AS WITH THE REST OF THE PLA, albeit perhaps to a lesser extent given the extreme gravity of its mission, PLASAF software in the form of personnel and training has long lagged behind hardware. That is now changing as recent Chinese leaders, and Xi in particular, have charged the PLA with enhancing training realism. While the PLASAF lacks real combat experience, authoritative sources such as its official newspaper, Rocket Forces News, and the PLA’s Liberation Army Daily document extensively that it is implementing more realistic and rigorous training. Particular emphasis is placed on preparing the PLASAF to conduct future joint operations and operate under what are known as “informatized” conditions. Specifically, the PLASAF’s latest known volume, China Strategic Missile Force Encyclopedia, emphasizes the importance of a “mobile command post” and “minimum communication support.” As a “necessity of high-tech localized warfare,” the “New Three Defenses” are likewise stressed to protect the PLASAF against precision attack, electronic interference and reconnaissance. Initiated in 2001 by an editorial committee led by PLASAF commanders, the tome endeavors to support the PLASAF’s development by offering detailed entries in such areas as doctrine, operations, command and control, logistics, management and history.

Meanwhile, hardware to support such efforts is being improved still further, in the form of capabilities such as the integrated command platform.

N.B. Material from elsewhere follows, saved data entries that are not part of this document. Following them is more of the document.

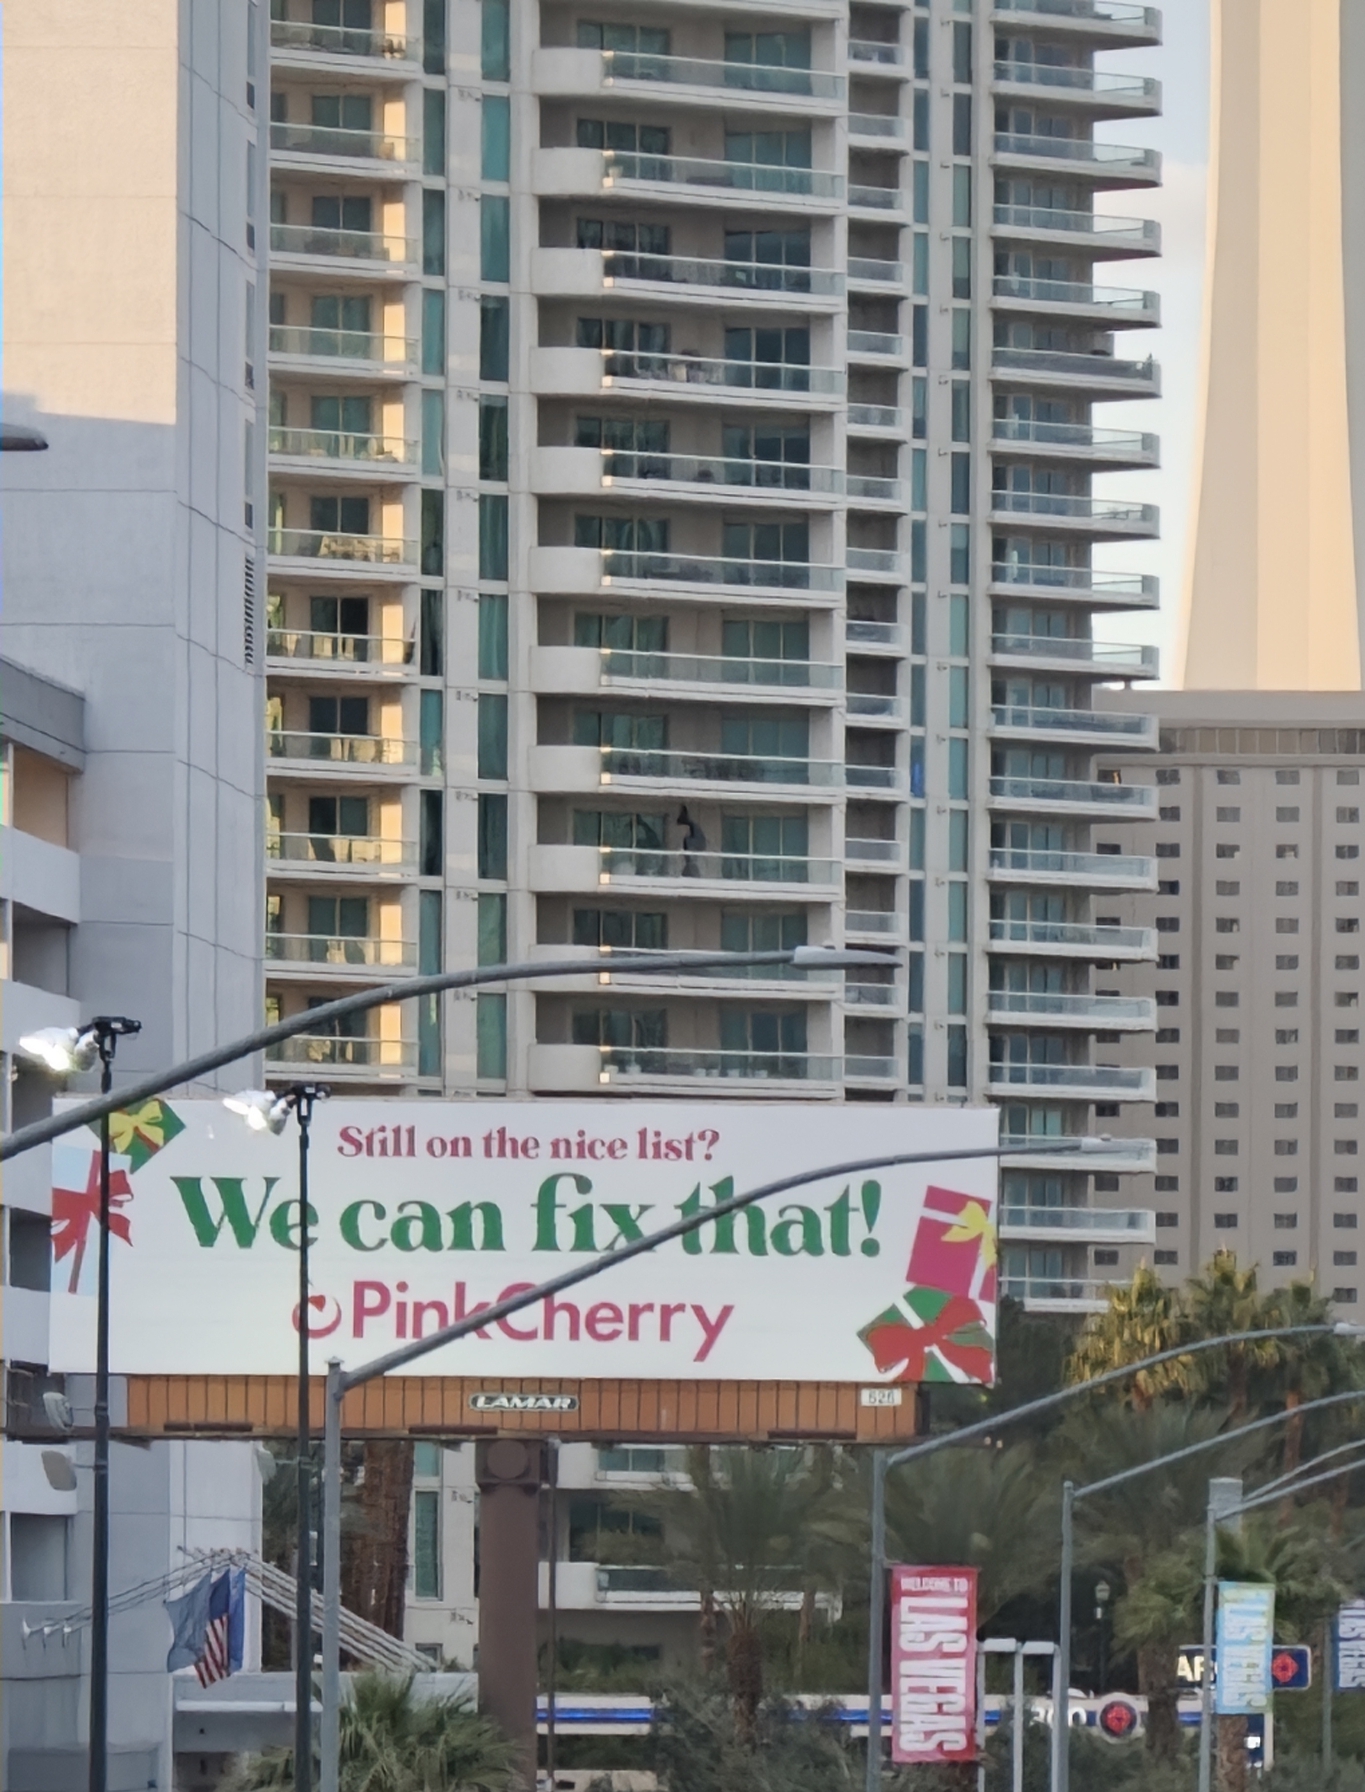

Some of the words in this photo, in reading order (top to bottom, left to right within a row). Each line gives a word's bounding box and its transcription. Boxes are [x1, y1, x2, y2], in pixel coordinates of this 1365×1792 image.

[338, 1125, 416, 1158] Still
[426, 1135, 473, 1158] on
[482, 1127, 540, 1160] the
[549, 1129, 628, 1160] nice
[637, 1127, 720, 1161] list?
[169, 1176, 319, 1250] We
[340, 1200, 506, 1252] can
[530, 1172, 656, 1252] fix
[673, 1175, 882, 1258] that!
[352, 1280, 735, 1362] PinkCherry
[476, 1395, 572, 1409] LAMAR
[900, 1596, 968, 1652] LAS
[900, 1659, 967, 1751] VEGAS
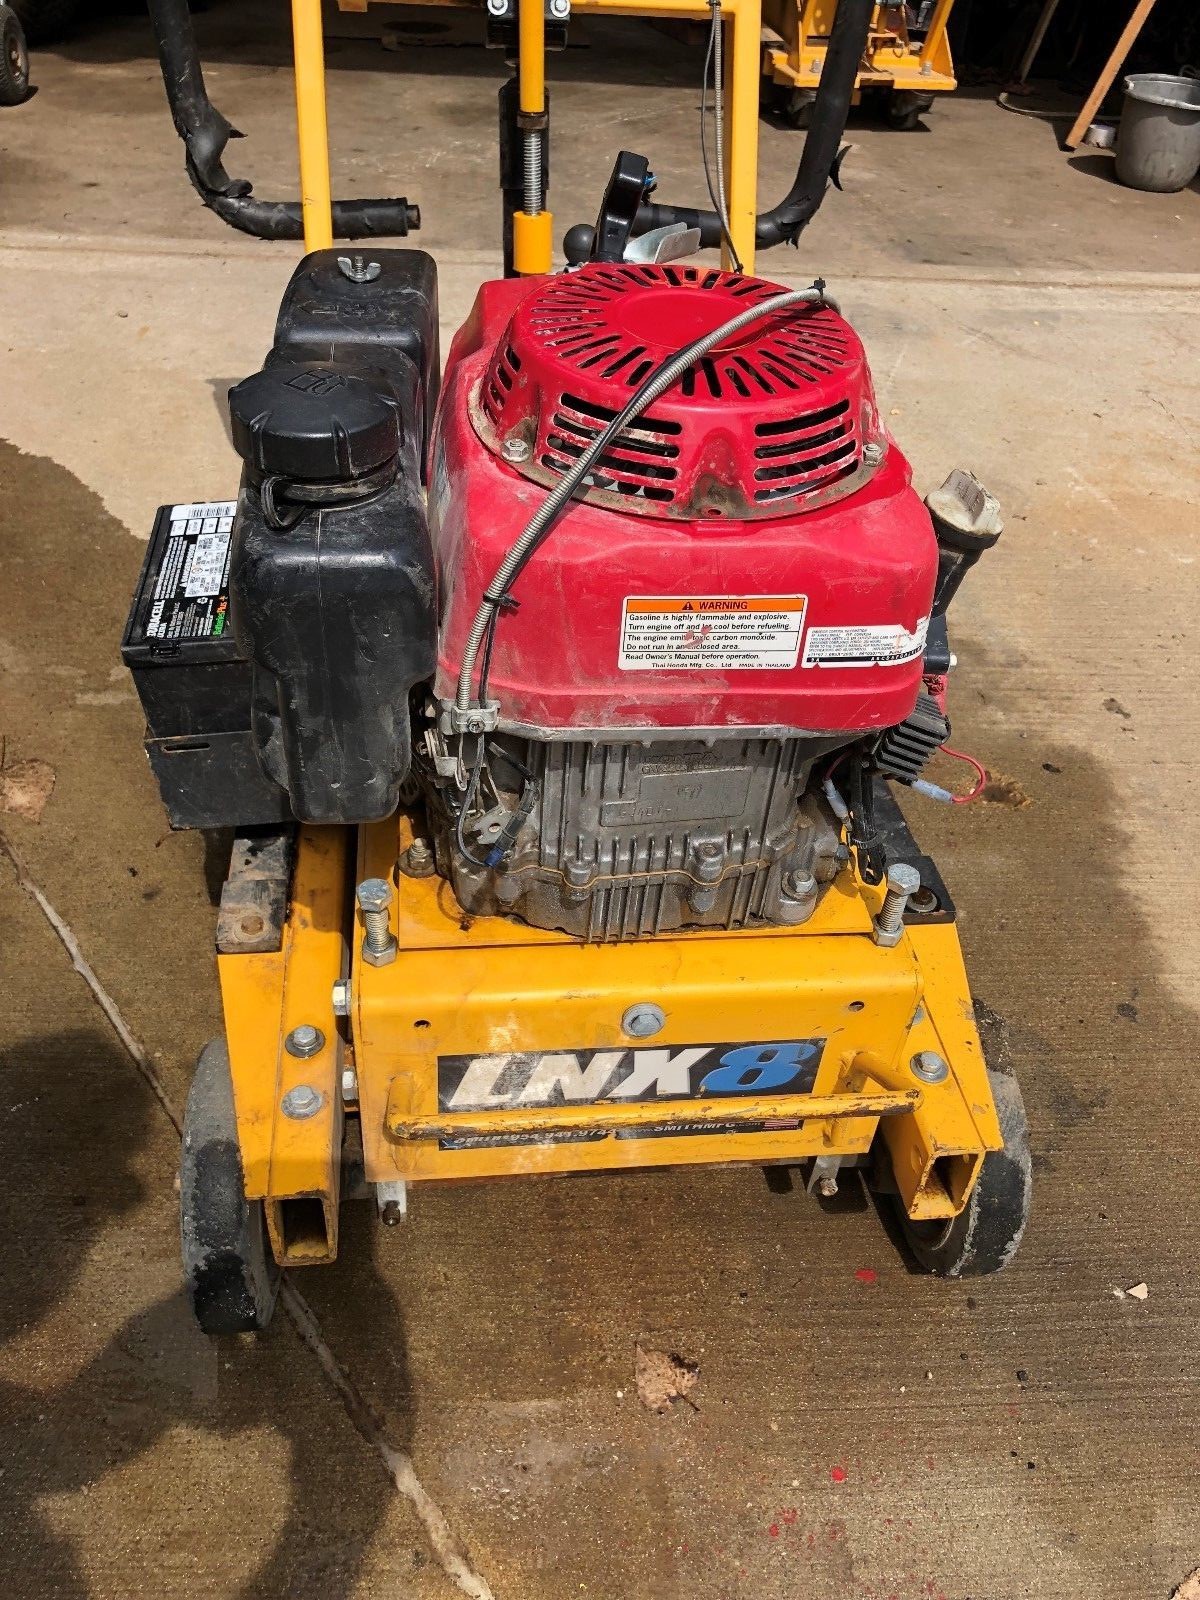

China is improving command and control over its nuclear arsenal. Over the past decade, a wide range of demanding technical standards have been promulgated and implemented. Technical talents are being recruited through such pipelines as the Defense Student Program, China’s version of ROTC, to ensure that the PLASAF is able to operate and maintain its increasingly sophisticated equipment effectively.

As part of his rapid, vigorous consolidation of leadership, Xi has emphasized the importance of developing reliable war-fighting capabilities. Along with the development and deployment of a more modern, survivable nuclear deterrent, China also seems to be improving the readiness of its strategic forces. Scholars have long thought that all of China’s nuclear weapons were kept in centralized storage facilities and that its nuclear-missile forces were kept at an extremely low level of readiness, especially in contrast to those of the United States and Russia. Indeed, at least one Chinese scholar has suggested that China might not have any nuclear weapons that would be considered operationally deployed by U.S. and Russian standards. Yet passages in recent Chinese missile-force publications indicate that even in peacetime China stores at least a small number of nuclear warheads at missile bases and suggest that some PLASAF units maintain a higher level of readiness than others.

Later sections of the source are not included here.